Bernardo Gortaire, en un texto para Latinoamérica21, lanza una advertencia de fondo en medio de la polarización política: cada vez es más difícil determinar si un país vive plenamente en democracia o si opera bajo formas de poder que mantienen la apariencia institucional mientras modifican su funcionamiento. La idea central es que las categorías clásicas de la ciencia política ya no bastan para describir la mutación con la que actores políticos actuales reconfiguran el sistema.
El artículo señala que, durante el siglo XX, identificar una dictadura era relativamente sencillo, porque el poder se concentraba en torno a un gobernante y su familia, por lo general después de un golpe de Estado respaldado por las Fuerzas Armadas o por grupos rebeldes. Frente a ese esquema, la academia y organizaciones internacionales denunciaron regímenes que impedían la participación de la población en la toma de decisiones, mientras varios gobiernos del norte global asumían la defensa de la democracia y el rechazo a las dictaduras.

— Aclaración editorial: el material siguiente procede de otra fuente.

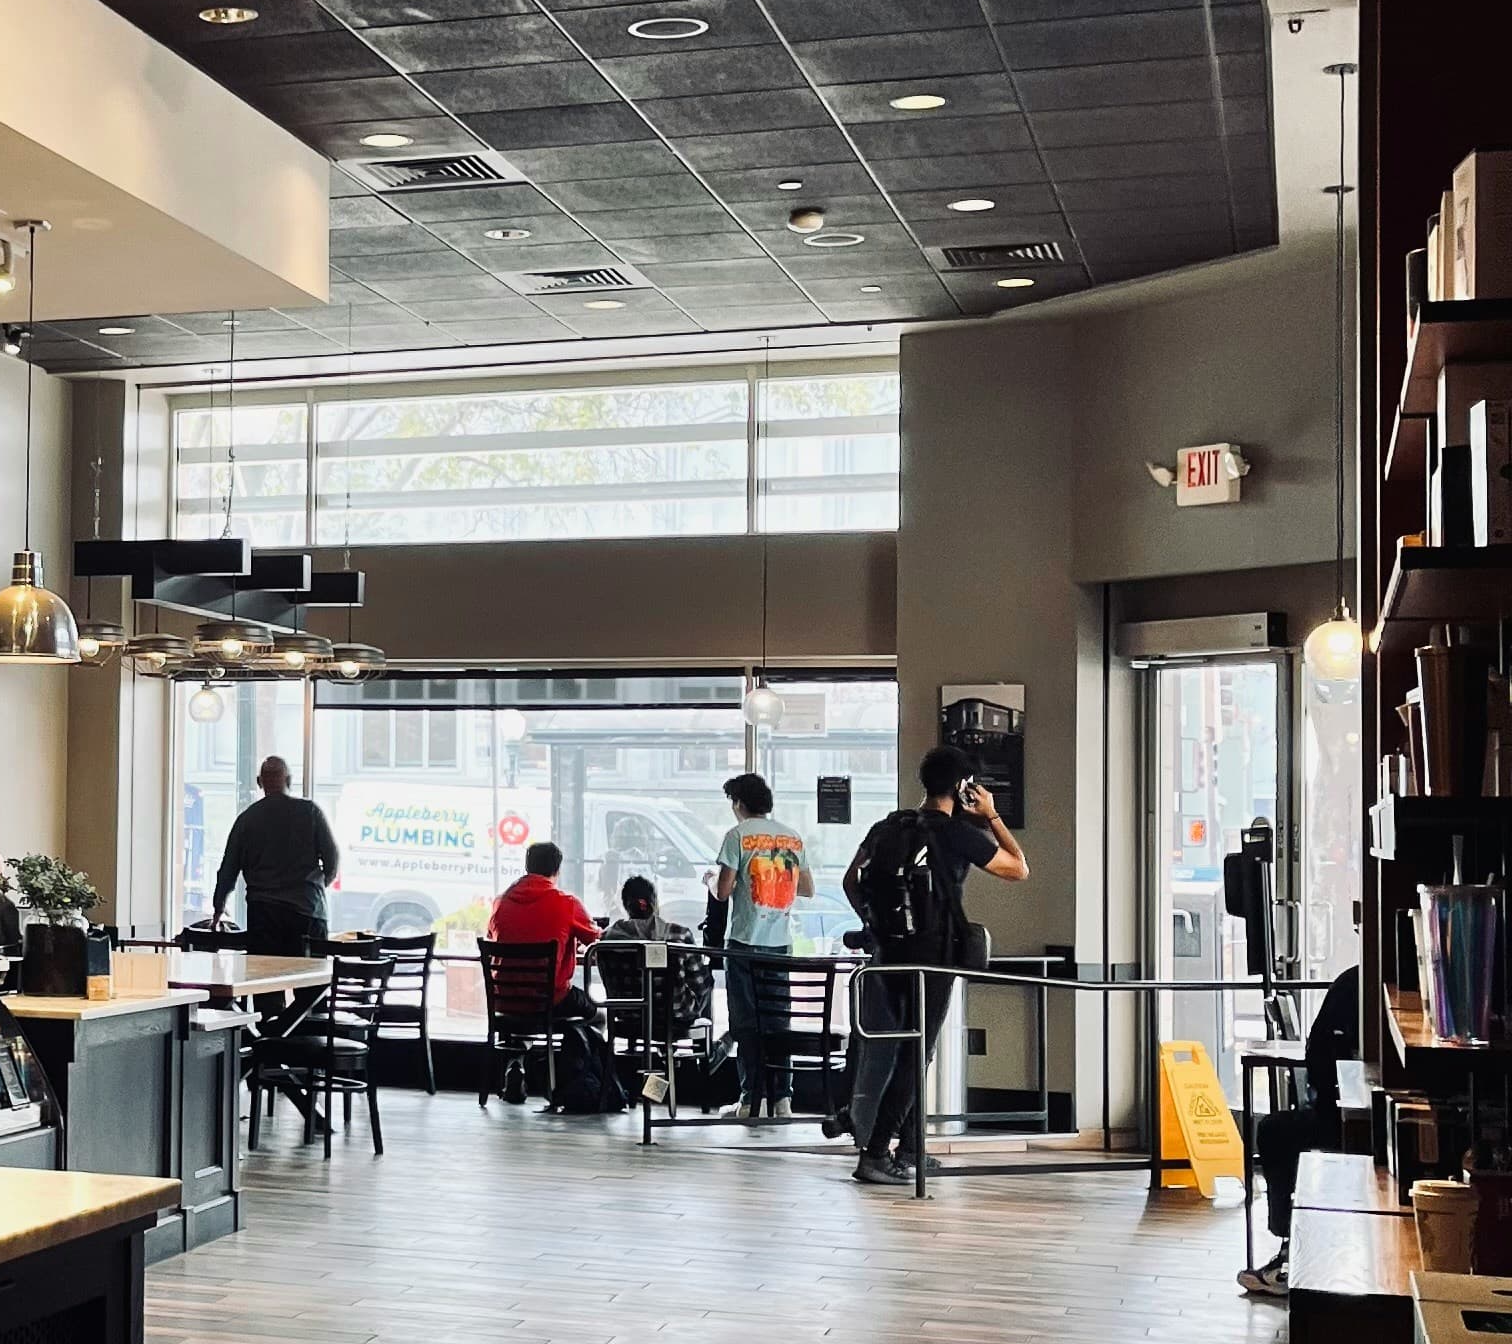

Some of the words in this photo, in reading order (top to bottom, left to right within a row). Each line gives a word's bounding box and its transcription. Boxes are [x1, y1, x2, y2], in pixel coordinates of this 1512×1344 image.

Esa distancia entre las viejas formas del autoritarismo y sus versiones camufladas pone el acento en una alerta institucional que sigue vigente: cuando el poder se vuelve más difícil de clasificar, también resulta más necesario fiscalizarlo. En ese marco, la oposición y la ciudadanía quedan emplazadas a exigir controles reales, transparencia y explicaciones verificables ante cualquier brecha entre el discurso democrático y la realidad del ejercicio del poder.